The stage: a disease limited to a single lymph node region (I) or to a single extraliphatic organ or site (IE)
Stage II: affection in two or more lymph node regions on the same side of the diaphragm (II) or localized involvement of an extralymphatic organ or site associated with the invasion of one or more lymph node regions on the same side of the diaphragm
Stage III: affection in multiple lymph node regions above and sub-diaphragmatic (III); may be accompanied by splenic involvement (IIISE), localized involvement of an extralymphatic organ or site (IIIE) or both (III SE)

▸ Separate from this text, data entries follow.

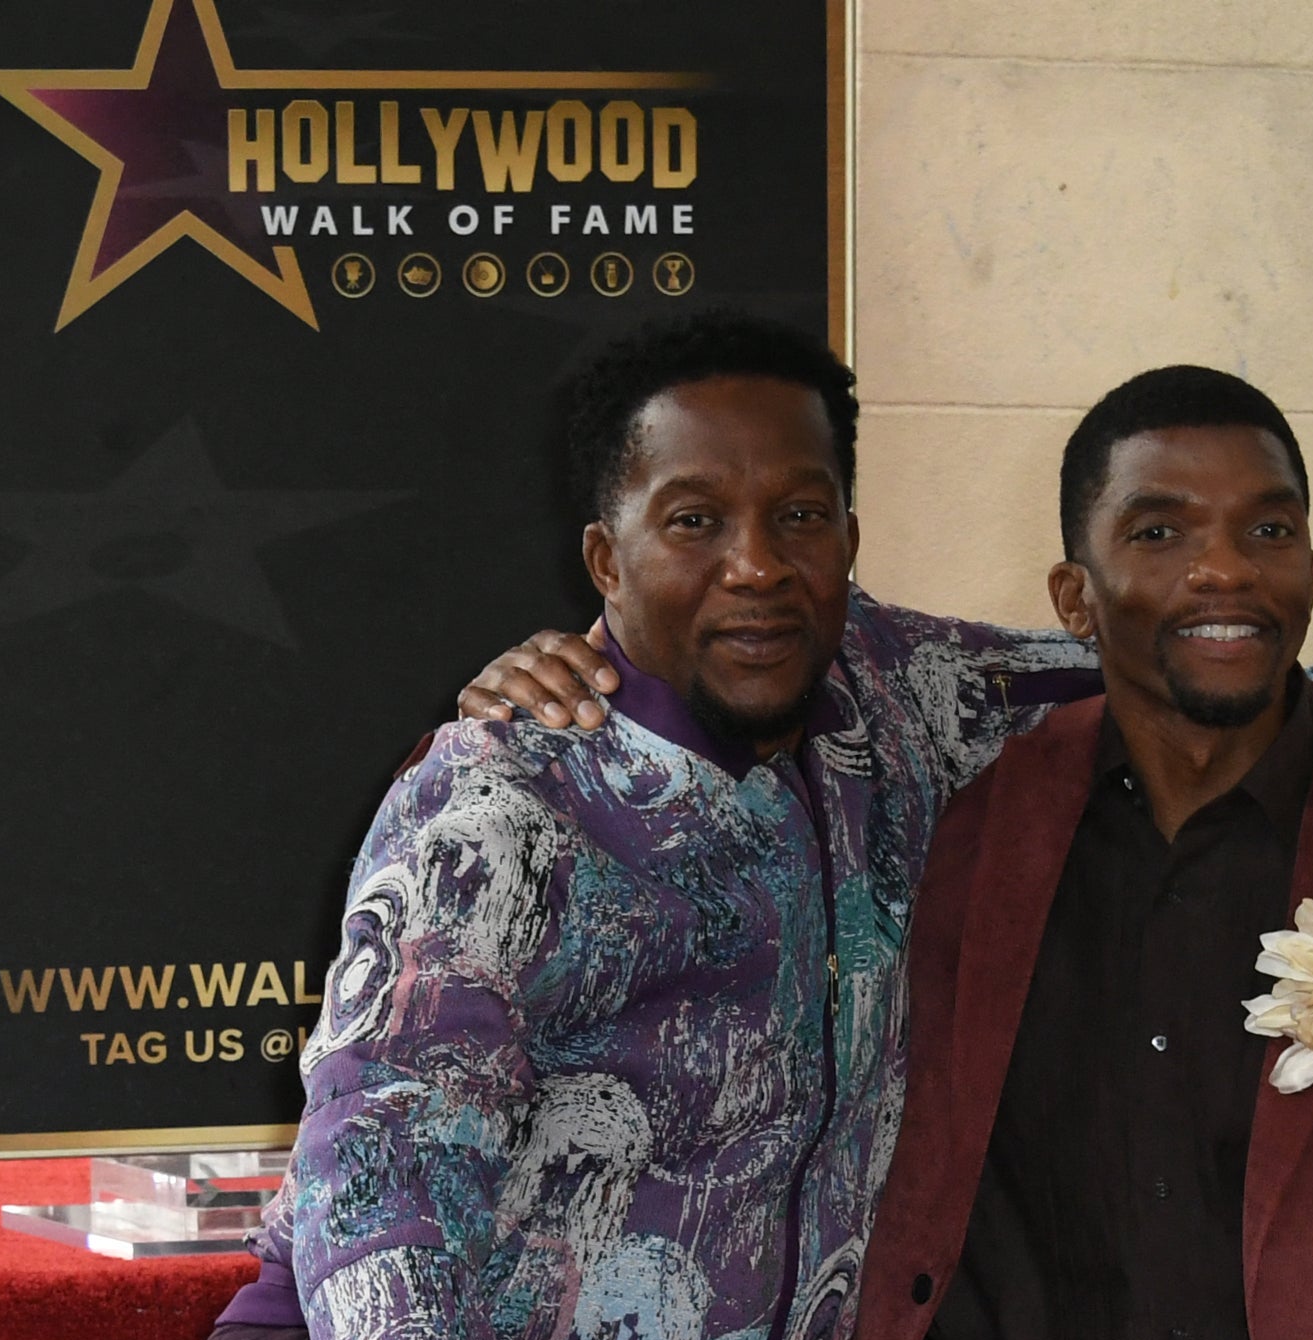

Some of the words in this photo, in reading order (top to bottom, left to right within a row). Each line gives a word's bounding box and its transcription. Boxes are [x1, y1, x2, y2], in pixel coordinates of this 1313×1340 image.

[227, 99, 698, 193] HOLLYWOOD
[261, 205, 415, 236] WALK
[448, 205, 516, 236] OF
[551, 204, 695, 236] FAME
[80, 1031, 168, 1065] TAG
[185, 1029, 245, 1062] US

Stage IV: widespread involvement, disseminated with one or more extralymphatic organs or tissues without invasion of lymph node stations.

Symptomatology

The initial symptom is a completely indolent lymph node swelling, with slow, almost imperceptible growth, sometimes with a variation in the volume of the lymph nodes, which appear to be mobile, hard, stone, movable, indolent; especially affected the laterocervical, axillary, inguinal, supraclavicular; sometimes the onset may be represented by a lymphatic stasis by compression of the lymphatic system by lumbosodal and / or iliac lymph node stations, with edema of the lower limbs; the invasion of the spleen is highlighted with enlargement of the organ and occurs in 45% of cases. Other extralonfonodal sites are the pulmonary parenchyma, the pleura, the liver, the pericardium, the bone tissue, the Central Nervous System. The patient is affected from the beginning by fever with night sweats, weight loss and itching, fever is remitting and undulating. The chest should be investigated for RX and may show enlarged mediastinal and / or hilar lymph nodes; in this case the survey will be completed with the CT and the RMN; a study of abdominal lymph node stations can be performed using bipedal lymph angiography and CT scan to study pelvic, para-aortic and thoracic lymph nodes. Invasion of the bone marrow will be accompanied by an increase in alkaline phosphatase and a myelophysic syndrome; laboratory * highlights a normochromic, normocytic anemia with hyposideremia and hypothransferrinemia present in 1/3 of the cases. Sometimes hemolytic anemias are present with negative Coombs test, leukocytosis with 12,000 GB / mm3. Infectious complications: they are sustained by bacterial infections from staphylococcus aureus, Klebsiella, enterobacter, pseudomonas aeruginosa, mycetes, toxoplasma, viruses such as herpes zoster. Finally, there is the risk of a second neoplasm in Hodgkin's course, for example. of acute non-lymphoid leukemia. It is difficult, long and highly specialized and presupposes the stagging of the neoplasm; in the initial stages it uses high-dose radiotherapy, 4000 rads with extended field, e.g. "cloak" or "inverted y" used in the forms with a para-aortic, iliac and inguino-femoral localization. In advanced stages, the use of chemotherapy is necessary.